In three experiments conducted at a Quincy, Fla. mushroom farm owned by the assignee of record, a formulation of the present invention (XCI: 15% oat hulls of the total weight; 15% vermiculite of the total weight; 15% wheat bran of the total weight; 3% calcium carbonate (chalk) of the total weight; 2% calcium sulfate (gypsum) of the total weight; and 50% water of the total weight), was compared against two controls CAC (spawn run and chopped compost) at 14 pounds per tray, and CI-2 (casing spawn formula containing no oat hulls commercially available from the assignee of record). The purpose of the trials was to assess the performance of the formulation relative to the most common alternatives when used as casing spawn. Each experiment consisted of three treatments applied at casing as follows: XCI at 2 pounds per tray, CAC at 14 pounds per tray, and CI-2 at two pounds per tray. Six trays were prepared from each treatment in crops 126, 189, and 196. Each trial was monitored.

Results were as follows: On day eight after casing, the CAC trays and the XCI trays exhibited strong mycelia with prominent thick rhizomorphic growth. The trays with the CI-2 formula were grown through but with thinner, more uniform mycelium. On day 13 after casing, the XCI had an abundance of thumb-sized well-spaced primordia. The CAC trays also had large primordia. The CI-2 trays had fewer smaller mushroom primordia. On day sixteen, the XCI trays and the CAC trays were ready to harvest, with a full crop of large mushrooms. The CI-2 trays were one or two days behind, and not as full.

In these experiments the XCI was more aggressive in promoting rapid, high yield, cropping than the CI-2. Also, the XCI produced a crop of the same value and timing as the CAC even though a much smaller amount was used.

Grower comments were that the XCI was the strongest and best casing spawn they had used. Further, the grower watching this experiment noticed that the second and third breaks with the XCI exceeded the CAC in yield.

EXAMPLE 2

Two trials were undertaken at a mushroom trial farm owned by the assignee of record located in Kittanning, Pa. where a formulation (XCI) was used in place of conventional grain spawn, i.e., added to the compost layer of the mushroom trays. This experiment was repeated twice, once in crop M38 and again in crop M46. In each case the XCI was used at a rate of 300 grams per tray to spawn three mushroom trays. The controls were CI-2 (casing spawn formula containing no oat hulls commercially available from the assignee of record.) and conventional grain spawn. Both controls employed a spawn rate of 300 grams per tray in three trays each.

In both of these tests the commercial CI-2 colonization of the compost was slow and weak, leading to a delayed crop. The grain spawn colonized the compost in the usual 13 days. The XCI, however, induced very rapid compost colonization and was ready to case in ten days.

EXAMPLE 3

Three trials were carried out at yet another farm to test the value of the formulation (XCI) when used in the casing. In each trial, six trays were prepared with XCI and placed in a growing room where the balance of the trays were prepared using the farm's standard treatment, CI-2 (casing spawn formula containing no oat hulls commercially available from the assignee of record.).
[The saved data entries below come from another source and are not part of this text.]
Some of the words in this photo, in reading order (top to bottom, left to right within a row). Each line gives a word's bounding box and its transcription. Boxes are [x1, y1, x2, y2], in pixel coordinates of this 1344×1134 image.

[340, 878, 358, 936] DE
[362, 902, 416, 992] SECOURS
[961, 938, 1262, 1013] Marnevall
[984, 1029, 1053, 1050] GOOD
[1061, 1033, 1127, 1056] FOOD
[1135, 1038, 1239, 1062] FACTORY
In all three trials, the growers were able to observe that the mushroom crop was produced with superior “stagger” where XCI was used. That is, the sizing and spacing of the mushrooms on the XCI trays were more conducive to picking the crop over more days and getting better yields and higher quality mushrooms.
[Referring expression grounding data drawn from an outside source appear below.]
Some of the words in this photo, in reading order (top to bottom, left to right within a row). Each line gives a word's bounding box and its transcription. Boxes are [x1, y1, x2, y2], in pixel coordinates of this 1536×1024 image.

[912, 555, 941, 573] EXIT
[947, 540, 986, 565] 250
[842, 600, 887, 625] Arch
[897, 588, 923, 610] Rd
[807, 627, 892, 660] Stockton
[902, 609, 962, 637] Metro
The growers concluded that a crop grown on XCI would be of greater value and require less labor expense to produce than a conventional CI-2 crop.

Although the invention has been described in terms of particular embodiments in an application, one of ordinary skill in the art, in light of the teachings herein, can generate additional embodiments and modifications without departing from the spirit of, or exceeding the scope of, the claimed invention. Accordingly, it is understood that the descriptions herein are proffered only to facilitate comprehension of the invention and should not be construed to limit the scope thereof.